Where appropriate, the Company has provided notices of insurance claims to
carriers with respect to the investigation and remediation costs for
manufactured gas plant, industrial waste sites and sites for which the Company
has been identified as a PRP.  To date, the Company has reached settlements
with a number of insurance carriers, resulting in payments to the Company of
approximately $37 million, net of costs incurred in pursuing recoveries.  Under
POWERCHOICE approximately $33 million related to the electric business will be
amortized over 10 years.  Approximately $4 million relates to the gas business
and is being amortized over the three year settlement period.  Settlements
received during the POWERCHOICE and gas settlement periods will be deferred, net
of costs, and used to offset future costs of environmental remediation.

TAX ASSESSMENTS:  The Internal Revenue Service ("IRS") has conducted an
examination of the Company's federal income tax returns for the years 1989 and
1990 and issued a Revenue Agents' Report (RAR).  The IRS has raised an issue
concerning the deductibility of payments made to IPPs in accordance with certain
contracts that include a provision for a tracking account.  A tracking account
represents amounts that these mandated contracts required the Company to pay
IPPs in excess of the Company's avoided costs, including a carrying charge.  The
IRS proposes to disallow a current deduction for amounts paid in excess of the
avoided costs of the Company.  Although the Company believes that any such
disallowances for the years 1989 and 1990 will not have a material impact on its
financial position or results of operations, it believes that a disallowance for
these above-market payments for the years subsequent to 1990 could have a
material adverse affect on its cash flows.  To the extent that contracts
involving tracking accounts were terminated or restated or amended under the MRA
with IPP Parties as described in Note 3, the effects of any proposed
disallowance has been eliminated with respect to the IPP Parties covered under
the MRA for periods subsequent to June 30, 1998.  The Company is vigorously
defending its position on this issue.  The IRS also conducted an examination of
the Company's federal income tax returns for the years 1991 through 1993 and
recently issued a RAR.  Based upon the Company's review of the report (which did
not raise the IPP tracking account issue, although the issue could still be
raised), the Company does not believe that the findings will have a material
impact on its financial position or results of operation.
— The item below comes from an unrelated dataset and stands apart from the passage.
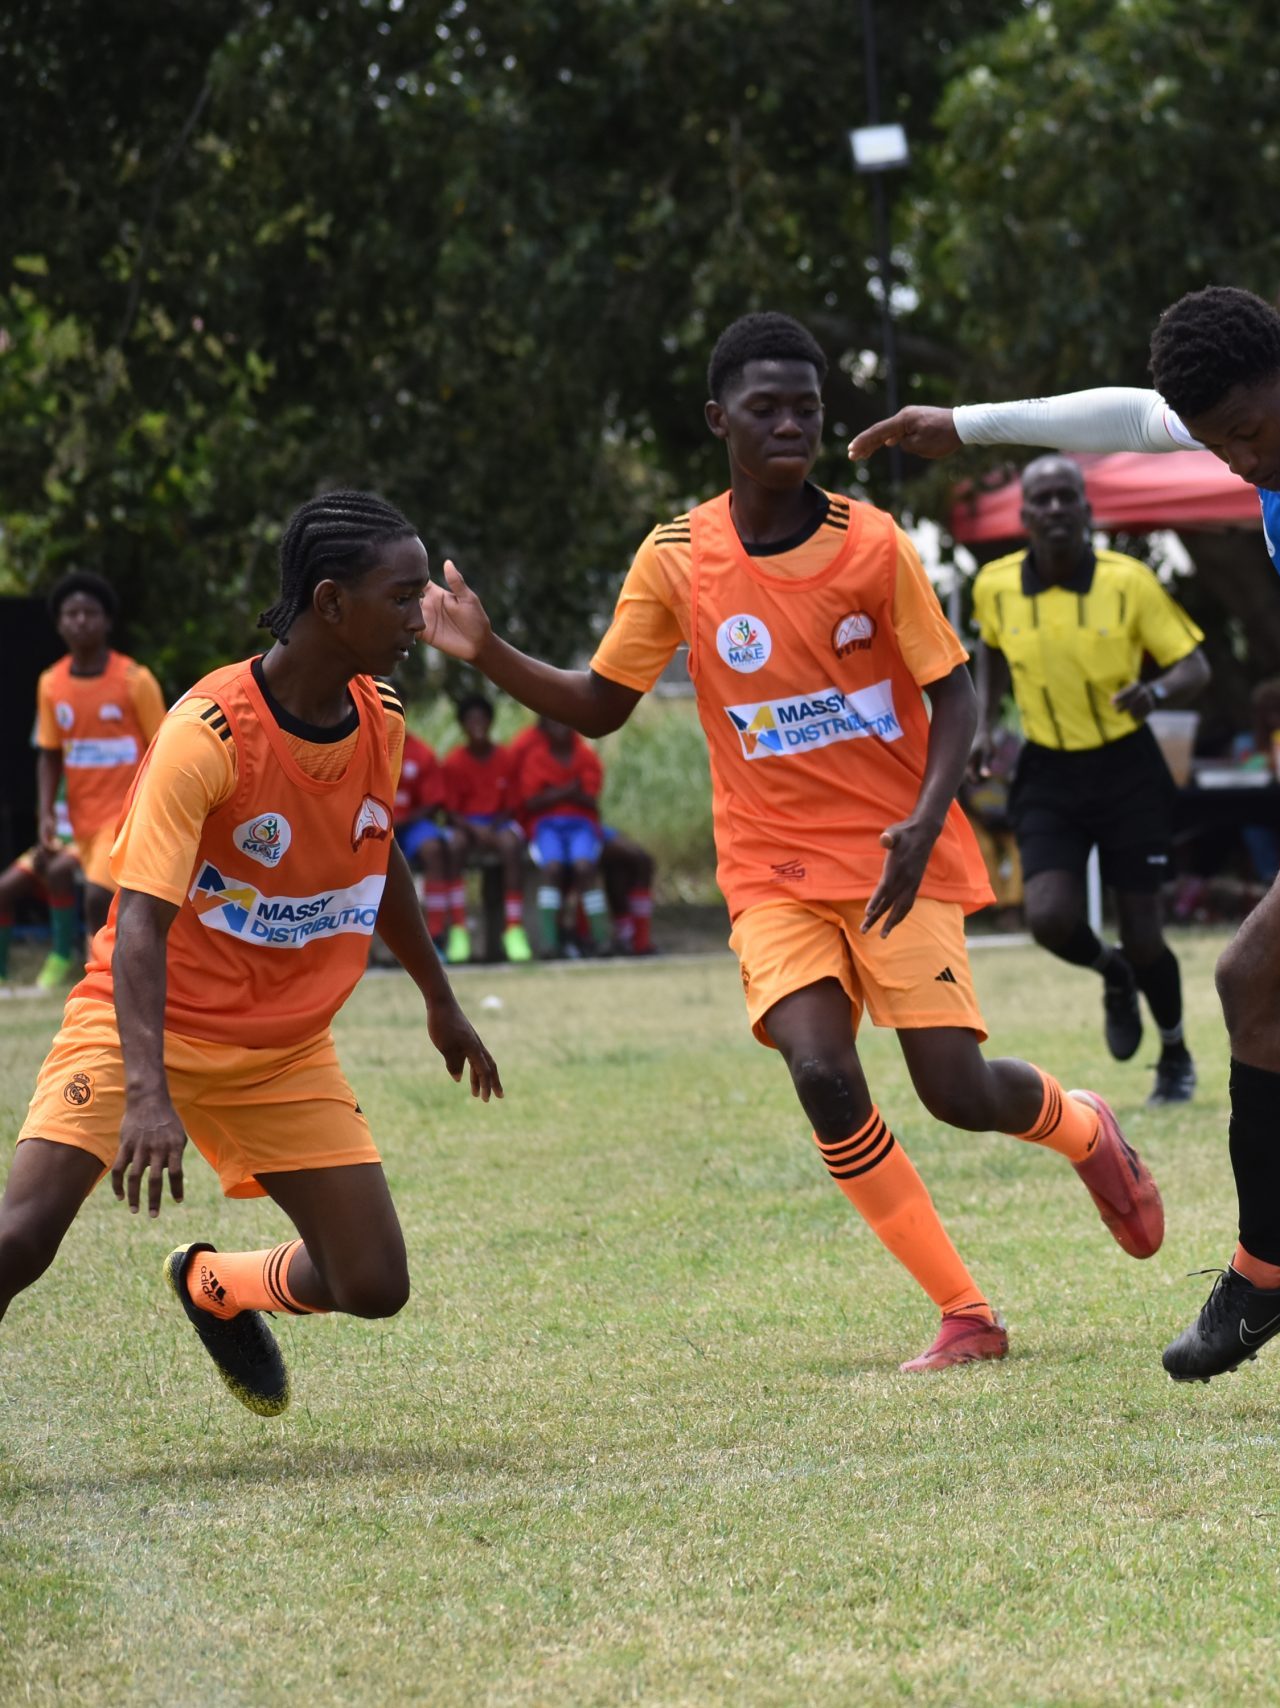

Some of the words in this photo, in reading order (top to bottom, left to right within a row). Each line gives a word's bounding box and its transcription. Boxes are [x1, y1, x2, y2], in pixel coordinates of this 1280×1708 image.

[777, 694, 846, 724] MASSY
[256, 896, 335, 922] MASSY
[250, 908, 378, 943] DISTRIBUTIO
NOTE 3. RATE AND REGULATORY ISSUES AND CONTINGENCIES

The Company's financial statements conform to GAAP, including the accounting
principles for rate-regulated entities with respect to its regulated operations.
As discussed below, the Company discontinued application of regulatory
accounting principles to the Company's fossil and hydro generation business.
Substantively, SFAS No. 71 permits a public utility, regulated on a
cost-of-service basis, to defer certain costs which would otherwise be charged
to expense, when authorized to do so by the regulator.  These deferred costs are
known as regulatory assets, which in the case of the Company are approximately
$4,853 million at June 30, 1998.  These regulatory assets are probable of
recovery.  The portion of the $4,853 million which has been allocated to the
nuclear generation and electric transmission and distribution business is
approximately $4,755 million.  Regulatory assets allocated to the rate-regulated
gas distribution business are $98 million.  As discussed below, the increase in
the Company's regulatory assets is attributed to the MRA Regulatory Asset of
$4,003 million.  Generally, regulatory assets and liabilities were allocated to
the portion of the business that incurred the underlying transaction that
resulted in the recognition of the regulatory asset or liability.  The
allocation methods used between electric and gas are consistent with those used
in prior regulatory proceedings.

The PSC, in its written order issued March 20, 1998 approving POWERCHOICE,
determined to limit the estimated value of the MRA Regulatory Asset that can be
recovered from customers to approximately $4,000 million.  As of June 30, 1998,
the Company had recorded an MRA Regulatory Asset of $4,003 million, which
represents the recoverable costs of the MRA consisting of:  (a) the cash
compensation of $3,631 million paid to the IPP Parties;  (b) the issuance of
42.9 million shares of common stock valued at an aggregate of $343.6 million or
$8.00 per share, based on the limitation on the amount of the MRA Regulatory
Asset, as set forth in the PSC Order; and (c) expenses of $28.4 million related
to the MRA.  As a result of the PSC Order limitation, the Company recorded a
non-cash POWERCHOICE charge to earnings of $263.2 million, or $1.18 per share,
in the second quarter of 1998, upon the closing of the MRA, which represents the
sum of (1) the difference between the net proceeds from the public sale of 22.4
million shares or $303.7 million and the $8 per share multiplied by 22.4 million
shares or $179.2 million and (2) the difference between the Company's common
stock price of $14.75 at the time of issuance and $8 per share multiplied by the
20.5 million shares issued.

Under POWERCHOICE, the Company's remaining electric business (nuclear generation
and electric transmission and distribution business) will continue to be
rate-regulated on a cost-of-service basis and, accordingly, the Company
continues to apply SFAS No. 71 to these businesses.  Also, the Company's IPP
contracts, including those restructured under the MRA, will continue to be the
obligations of the regulated business.  Under POWERCHOICE, the Company is
required to net certain regulatory assets and liabilities.  Although the Company
has not yet implemented the tariffs related to POWERCHOICE, it has reflected
these changes in its June 30, 1998 balance sheet.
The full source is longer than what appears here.